On Tuesday, those opposed to the ban on gender-affirming care for minors, packed the Capitol rotunda, chanting, their shouts filtering into the chamber as the senators debated. State Senator Megan Hunt, an Omaha Democrat and the mother of a transgender son, was moved to tears.

"You know what they are chanting out there? I just got it. They're chanting 'one more vote to save our lives!'" Hunt said, forcing her way through sobs. "Whether we are talking about mothers with devastating fetal diagnoses, who you think should be forced to carry a baby to term that has a brain outside its head — what is wrong with you — or you're talking about trans children who are 4, 5, 6, who are 16, 17, 18, who can be all ages, but the way government is coming down in this body between a parent and a child and a health care professional is unprecedented. It's unreal."

But State Senator Kathleen Kauth, an Omaha Republican and LB 574's sponsor, said she also heard the protesters.

"As we hear the people outside chanting 'one more vote to save our lives,' I would agree with that statement. We have one vote to save the lives of children from a lifetime of pain and regret," she said. "These are surgeries and medications that are experimental, they are irreversible. We owe it to kids to let them grow up so they can make these decisions as adults."

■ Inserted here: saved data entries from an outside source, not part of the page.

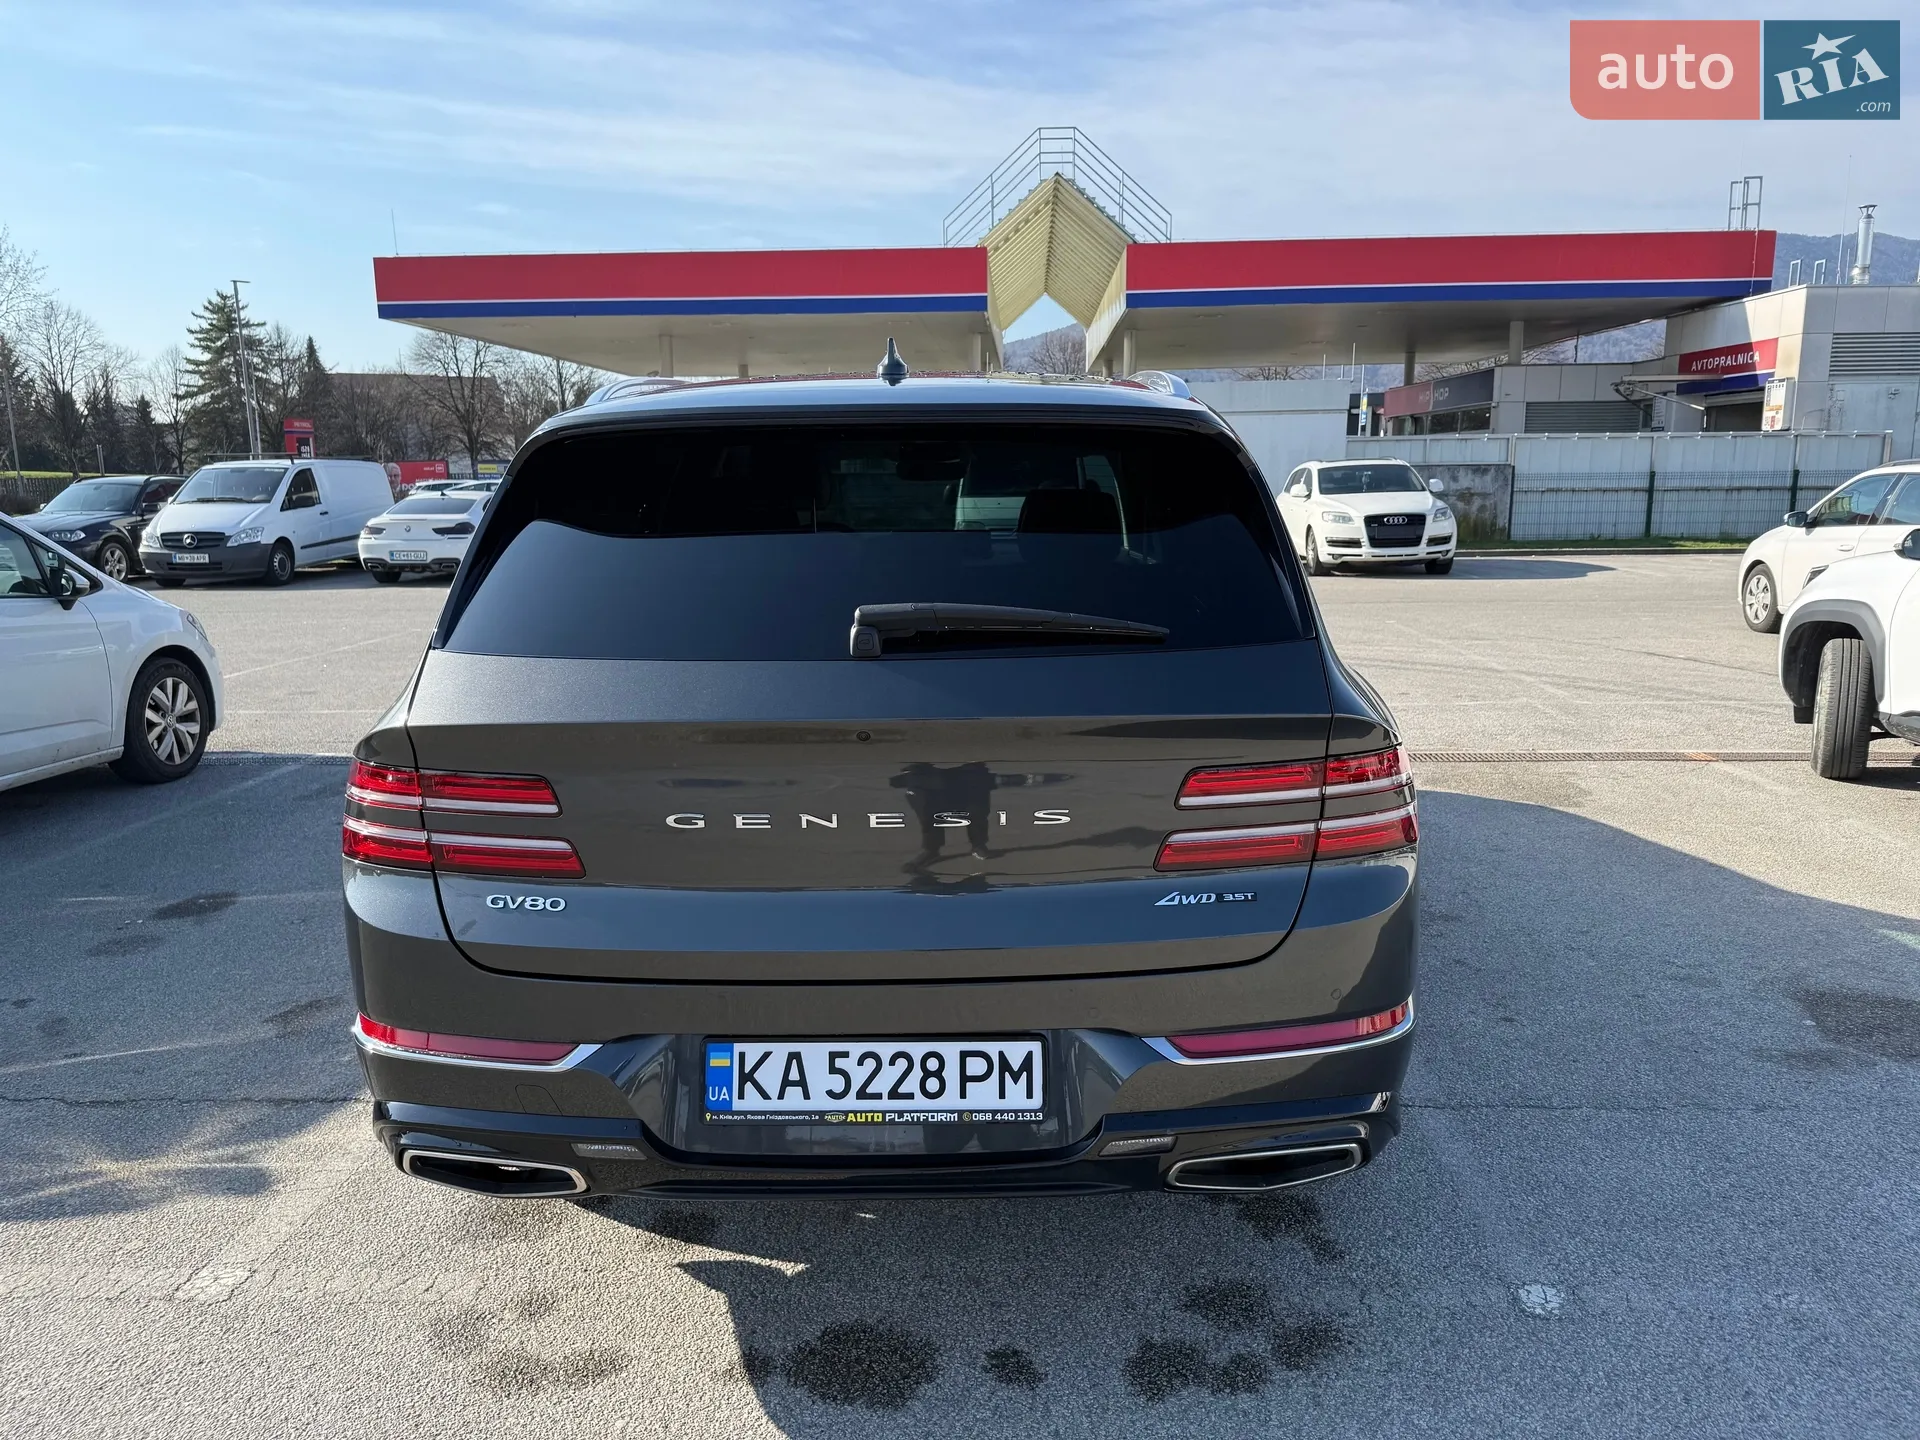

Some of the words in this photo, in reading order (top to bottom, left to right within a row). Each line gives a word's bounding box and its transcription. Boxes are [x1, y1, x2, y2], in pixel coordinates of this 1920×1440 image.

[1691, 350, 1760, 372] AVTOPRALNICA
[665, 808, 1072, 830] GENESIS
[486, 894, 566, 912] GV80
[1154, 891, 1217, 906] 4WD
[1222, 892, 1255, 901] 3.5T
[737, 1051, 811, 1101] KA
[825, 1050, 947, 1101] 5228
[958, 1050, 1034, 1100] PM
[708, 1086, 730, 1102] UA
[847, 1112, 883, 1122] AUTO
[885, 1112, 959, 1122] PLATFORM
[972, 1112, 993, 1121] 068
[994, 1112, 1015, 1121] 440
[1017, 1112, 1043, 1121] 1313
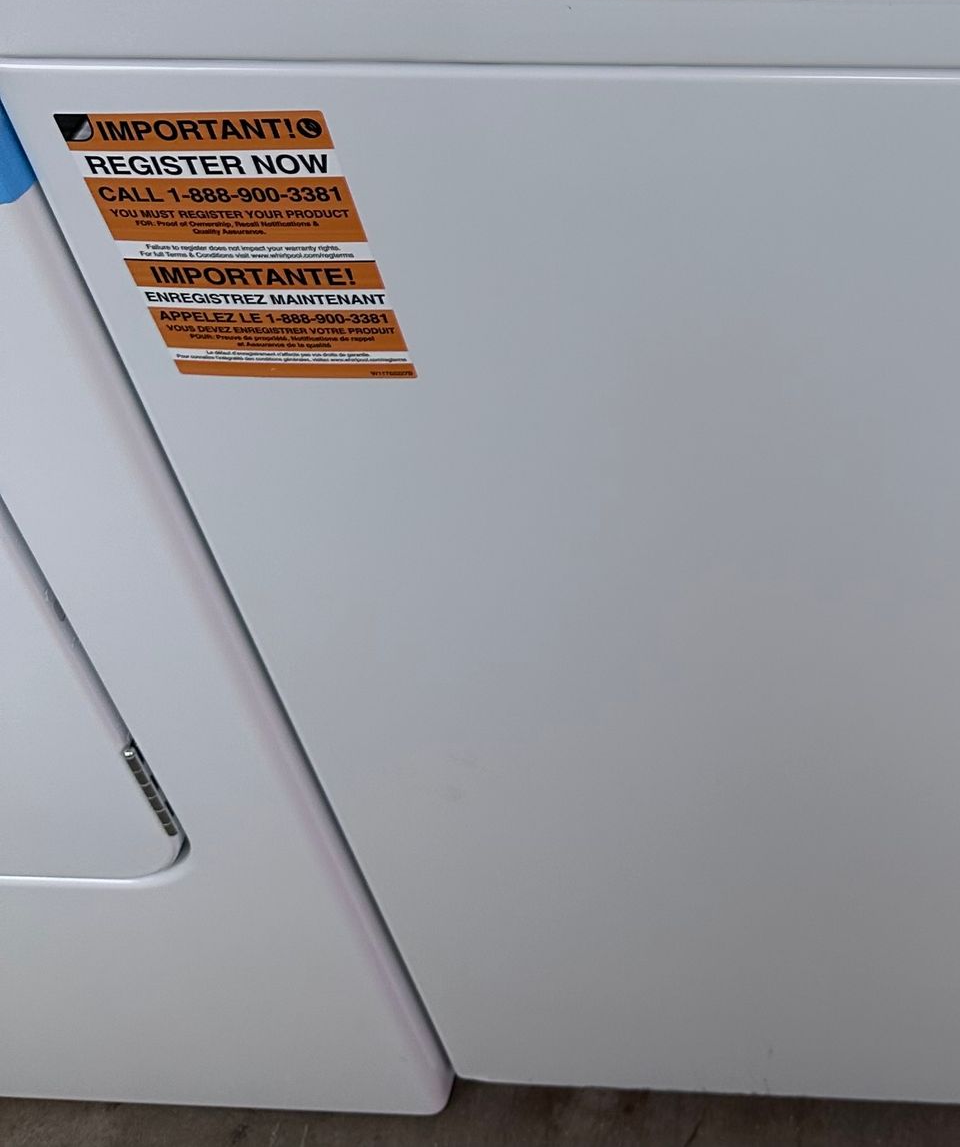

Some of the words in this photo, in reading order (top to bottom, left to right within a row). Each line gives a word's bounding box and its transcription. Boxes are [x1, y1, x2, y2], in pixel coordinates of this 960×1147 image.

[96, 118, 296, 141] IMPORTANT!
[85, 154, 246, 175] REGISTER
[251, 154, 328, 175] NOW
[98, 186, 164, 202] CALL
[167, 186, 342, 202] 1-888-900-3381
[110, 209, 138, 218] YOU
[140, 210, 175, 218] MUST
[178, 210, 243, 219] REGISTER
[247, 210, 284, 218] YOUR
[286, 209, 349, 218] PRODUCT
[150, 266, 356, 285] IMPORTANTE!
[144, 292, 267, 304] ENREGISTREZ
[270, 294, 385, 304] MAINTENANT
[159, 311, 237, 323] APPELEZ
[239, 313, 263, 323] LE
[266, 314, 389, 323] 1-888-900-3381
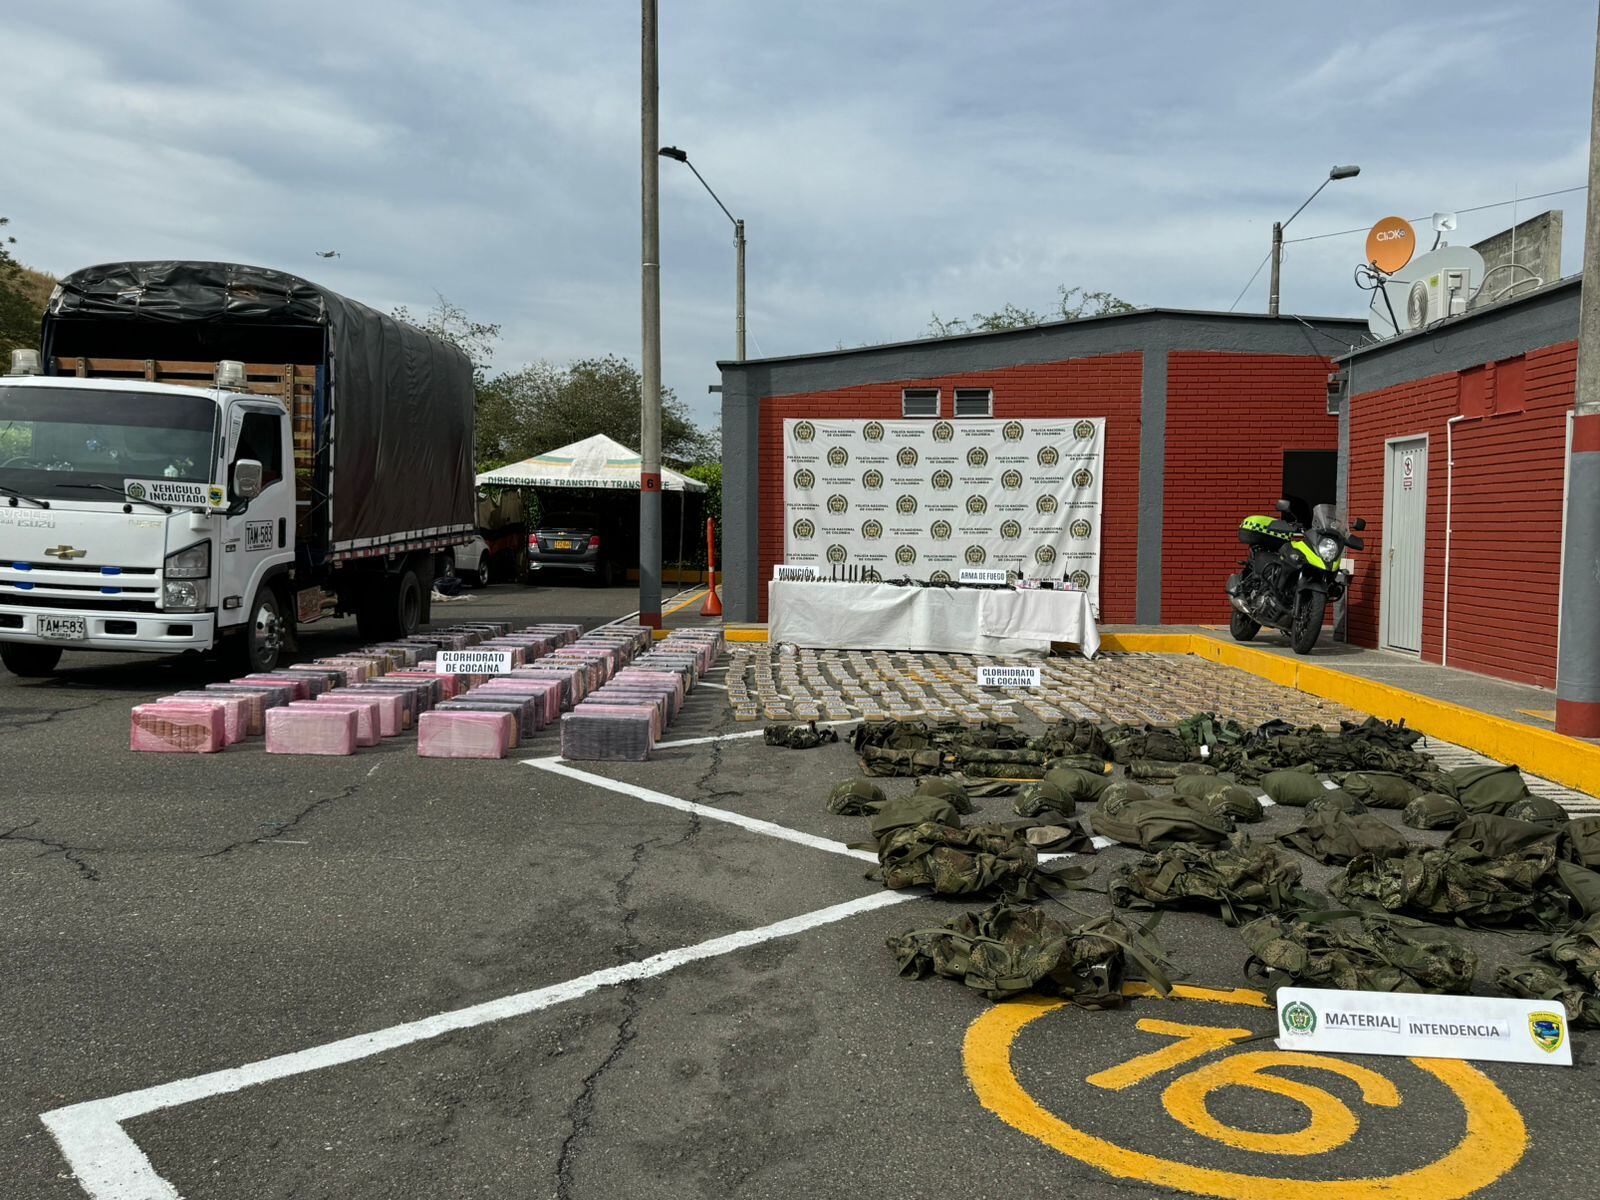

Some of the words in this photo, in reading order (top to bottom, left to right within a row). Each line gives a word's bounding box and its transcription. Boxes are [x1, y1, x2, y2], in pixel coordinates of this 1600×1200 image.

[602, 480, 608, 488] Y
[647, 479, 654, 488] 6
[150, 492, 206, 504] INCAUTADO
[961, 572, 978, 580] ARMA
[987, 572, 1004, 580] FUEGO
[39, 620, 83, 633] TAM-583
[442, 652, 504, 662] CLORHIDRATO
[446, 664, 457, 672] DE
[460, 662, 499, 672] COCAÍNA
[982, 668, 1034, 677] CLORHIDRATO
[1326, 1012, 1399, 1028] MATERIAL
[1409, 1022, 1500, 1037] INTENDENCIA

Nebraska Governor Jim Pillen, a Republican, cheered the Legislature's move.

"Our kids are our future, and the advancement of LB5 74 is an important step in protecting that future. I applaud the senators who voted for LB5 74 and stood up for our commonsense, conservative values," he said in a statement released late Tuesday.

It wasn't immediately clear when the legislators would take up the matter again, but it will likely be soon. The last day of the 2023 session is scheduled for the second week of June.

After the vote, senators who support abortion rights and gender-affirming care exited the chamber into the rotunda, greeted by the chants of their allies. Many others avoided the protesters by leaving out a back door. A reporter from the Omaha World-Herald reported Hunt and Cavanaugh taunted them as they snuck away, calling them cowards.